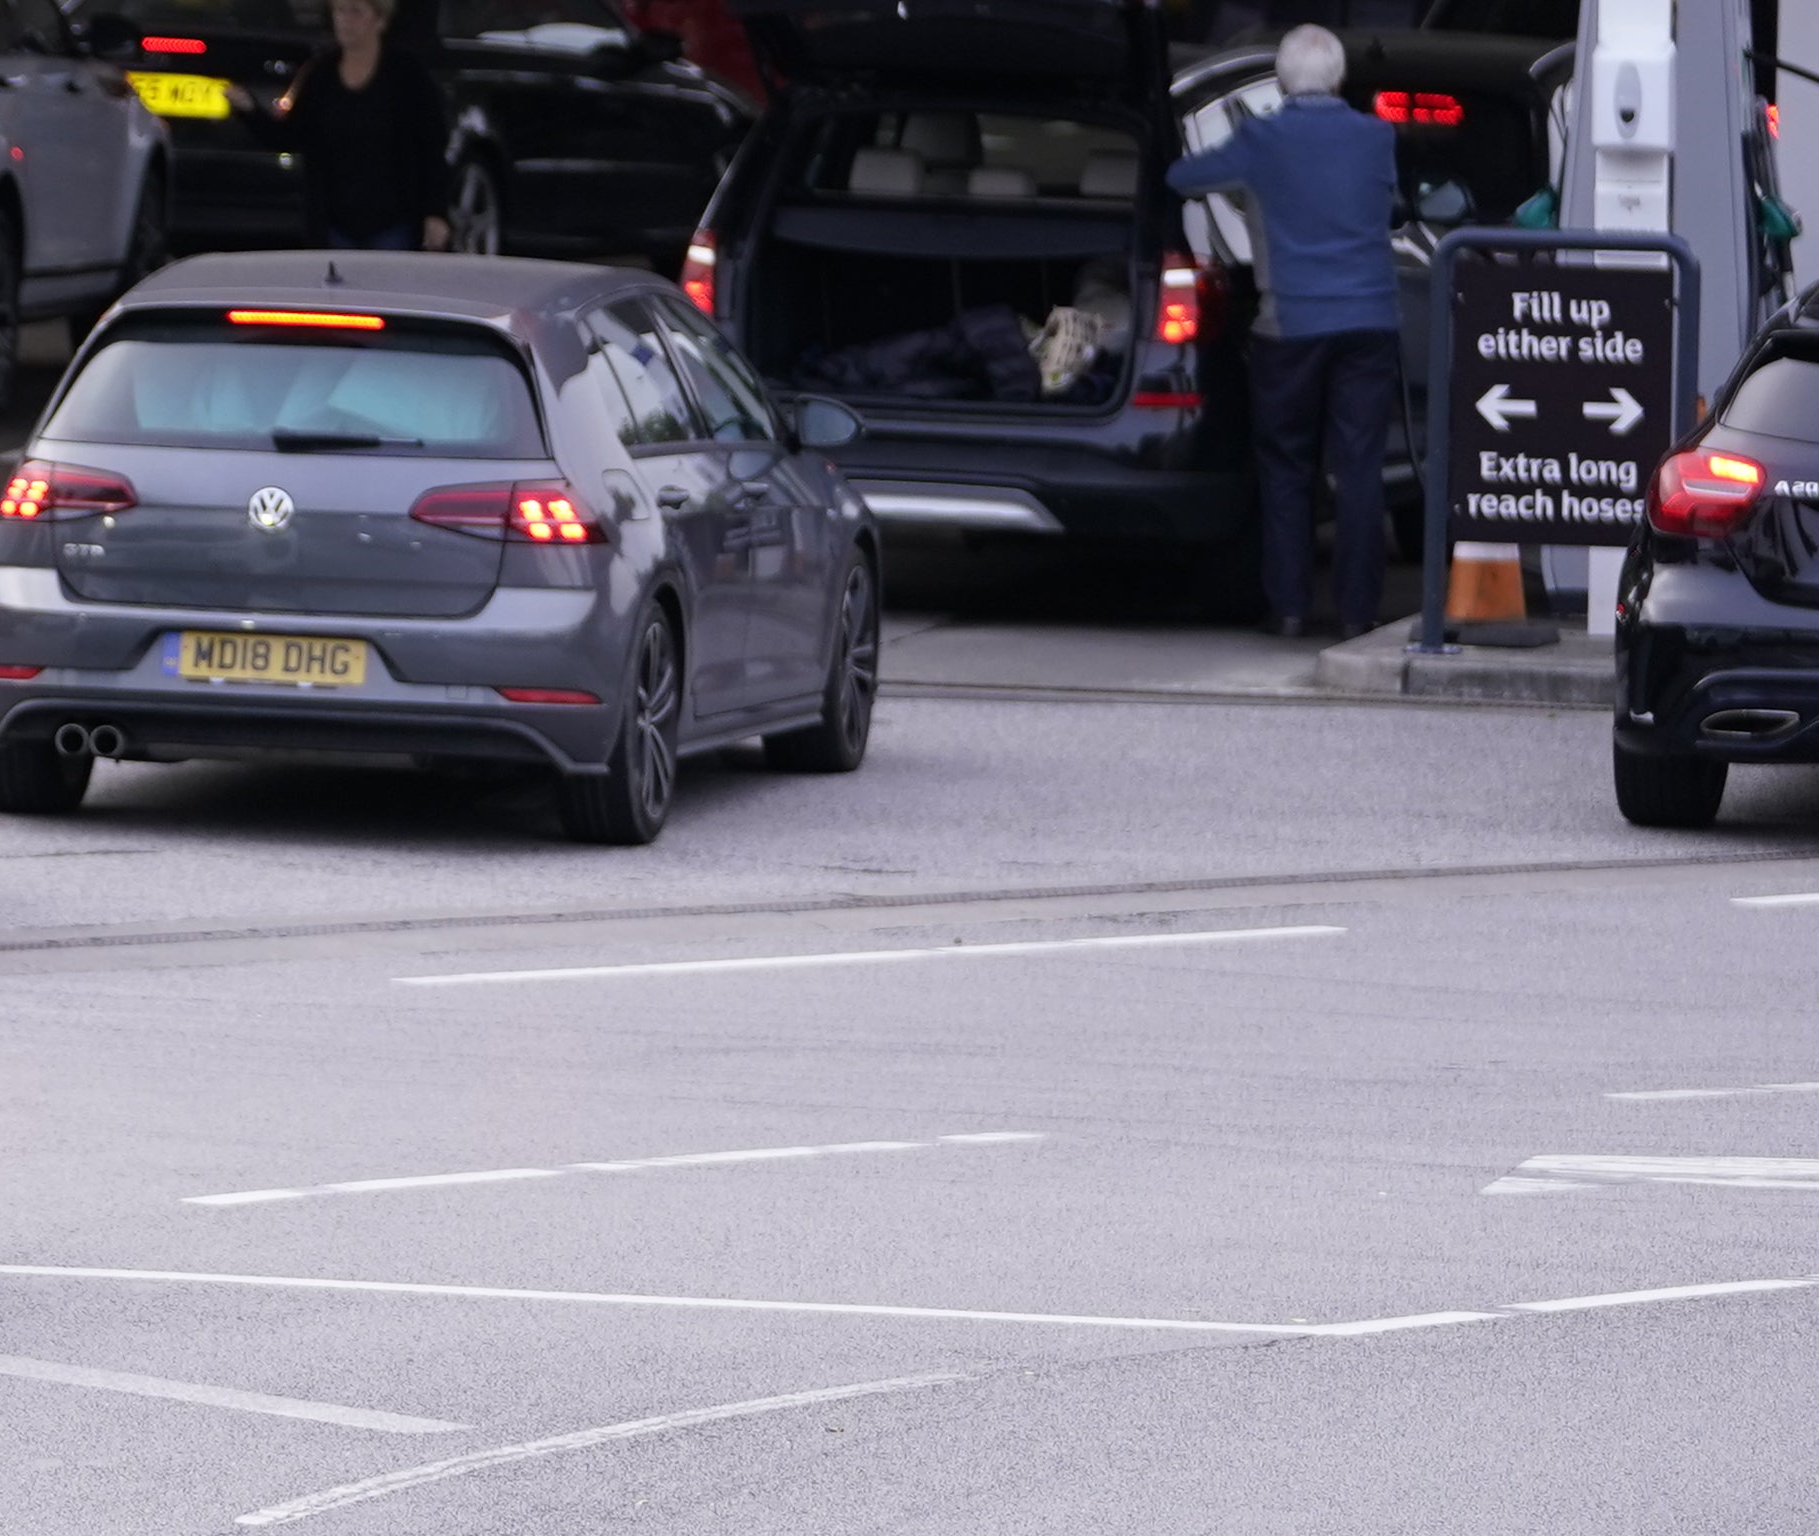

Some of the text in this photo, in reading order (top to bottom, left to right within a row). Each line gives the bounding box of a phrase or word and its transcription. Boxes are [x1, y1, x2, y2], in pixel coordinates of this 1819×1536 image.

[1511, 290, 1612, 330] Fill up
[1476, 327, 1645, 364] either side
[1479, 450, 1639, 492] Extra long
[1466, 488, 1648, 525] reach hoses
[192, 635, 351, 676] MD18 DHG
■ ■ ■ ■ ■
TASK STATEMENT: Would you copy out all the data exactly, without the images?

OUTPUT OF THE TASK:
Some of the text in this photo, in reading order (top to bottom, left to right within a row). Each line gives the bounding box of a phrase or word and its transcription. Boxes are [x1, y1, x2, y2], in pixel coordinates of this 1819×1536 image.

[1511, 290, 1612, 330] Fill up
[1476, 327, 1645, 364] either side
[1479, 450, 1639, 492] Extra long
[1466, 488, 1648, 525] reach hoses
[192, 635, 351, 676] MD18 DHG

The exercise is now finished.